Y a-t-il lieu de s’étonner davantage si M. de *** a fait à ses frais, avec sa voiture et ses chevaux, le transport du mobilier de mademoiselle Céleste, comme nous le reprochent si haut MM. D... et B...?

Des mois s’étaient écoulés, le mariage de M. de *** avait manqué. Alors seulement M. de *** commença à s’apercevoir des embarras d’argent qui allaient le presser de toutes parts. Il mit sa terre en vente, et s’ennuyant tout seul dans le Berry, il prolongea ses séjours au Poinsonnet.

Le tribunal a su, du reste, que si ces messieurs avaient des yeux de lynx pour apercevoir les traces du passage de M. de *** au Poinsonnet, ils étaient complétement frappés de cécité devant les robes, les amazones, les métiers à tapisserie, les ouvrages à la main de mademoiselle Céleste.

Le reste des propriétés de M. de *** avait été vendu en son absence, avec des pouvoirs émanés de lui, mais qu’il n’avait pas donnés pour vendre à si bas prix, ce qui a donné lieu à des réclamations par lui adressées à M. M..., procureur de la République.

Alors seulement M. de *** a connu, pour la première fois, toute l’étendue de sa ruine.

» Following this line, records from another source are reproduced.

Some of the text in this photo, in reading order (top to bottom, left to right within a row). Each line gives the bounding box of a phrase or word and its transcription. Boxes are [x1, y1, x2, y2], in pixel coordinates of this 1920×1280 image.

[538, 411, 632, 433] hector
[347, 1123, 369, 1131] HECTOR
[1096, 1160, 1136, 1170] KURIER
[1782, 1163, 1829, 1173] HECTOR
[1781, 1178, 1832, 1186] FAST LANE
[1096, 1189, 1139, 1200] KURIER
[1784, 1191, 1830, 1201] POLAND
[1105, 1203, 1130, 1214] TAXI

Il est retourné au Poinsonnet, a vendu ses chiens à M. M..., ainsi qu’à deux ou trois autres personnes dont le nom nous échappe, a envoyé une partie de sa sellerie en payement à Johns, son sellier, a vendu une voiture et un cheval à M. S..., a donné à son piqueur, qu’il avait depuis six ans, les chiens trop jeunes pour être vendus, et le petit sanglier, dont il a été tant question dans ce procès. Il n’a laissé que ses effets exclusivement personnels, a mis en ordre tous les papiers et tous les reçus des travaux dont il avait surveillé l’exécution au Poinsonnet.

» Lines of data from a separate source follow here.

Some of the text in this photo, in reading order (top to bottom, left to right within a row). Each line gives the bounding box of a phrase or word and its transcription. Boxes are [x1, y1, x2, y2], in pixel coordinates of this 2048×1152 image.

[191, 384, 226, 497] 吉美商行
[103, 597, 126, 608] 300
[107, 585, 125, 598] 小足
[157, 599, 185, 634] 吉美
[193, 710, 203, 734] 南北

Les adversaires triomphent de ce qu’une grande partie de ces reçus est au nom de M. de ***. Qu’y a-t-il de surprenant? M. de *** était sur les lieux, mademoiselle Céleste était momentanément absente, les ouvriers et les entrepreneurs lui apportaient des factures ainsi conçues, il ne prenait pas la peine de les faire rectifier; mais les entrepreneurs qui avaient été appelés à l’origine des travaux savaient très-bien qu’ils travaillaient pour le compte de mademoiselle Céleste.

Mademoiselle Céleste, d’ailleurs, ne fait pas difficulté d’en convenir. La fausseté de sa position, dans le Berry, par suite de ses relations avec M. de ***, était pour tous les fournisseurs une cause d’embarras. Elle avait toujours eu la discrétion de ne pas se faire appeler madame de ***, et craignant de la désobliger en l’appelant mademoiselle, les fournisseurs lui adressaient jusqu’à ses gants au nom de M. de ***. S’il y avait eu la moindre pensée de fraude, soit de la part de M. de ***, soit de la part de mademoiselle Céleste, on se serait bien gardé de prendre les reçus au nom de M. de ***, et l’absence même de toutes précautions à cet égard est la preuve de la sincérité des actes faits deux ans auparavant.

Une autre preuve non moins forte de la sincérité de ces actes se trouve dans la correspondance de M. de ***. Nous avons produit dix lettres de M. de *** qui ne sont pas évidemment écrites pour les besoins de la cause, et où il reconnaît à chaque ligne ce droit de propriété de mademoiselle Céleste.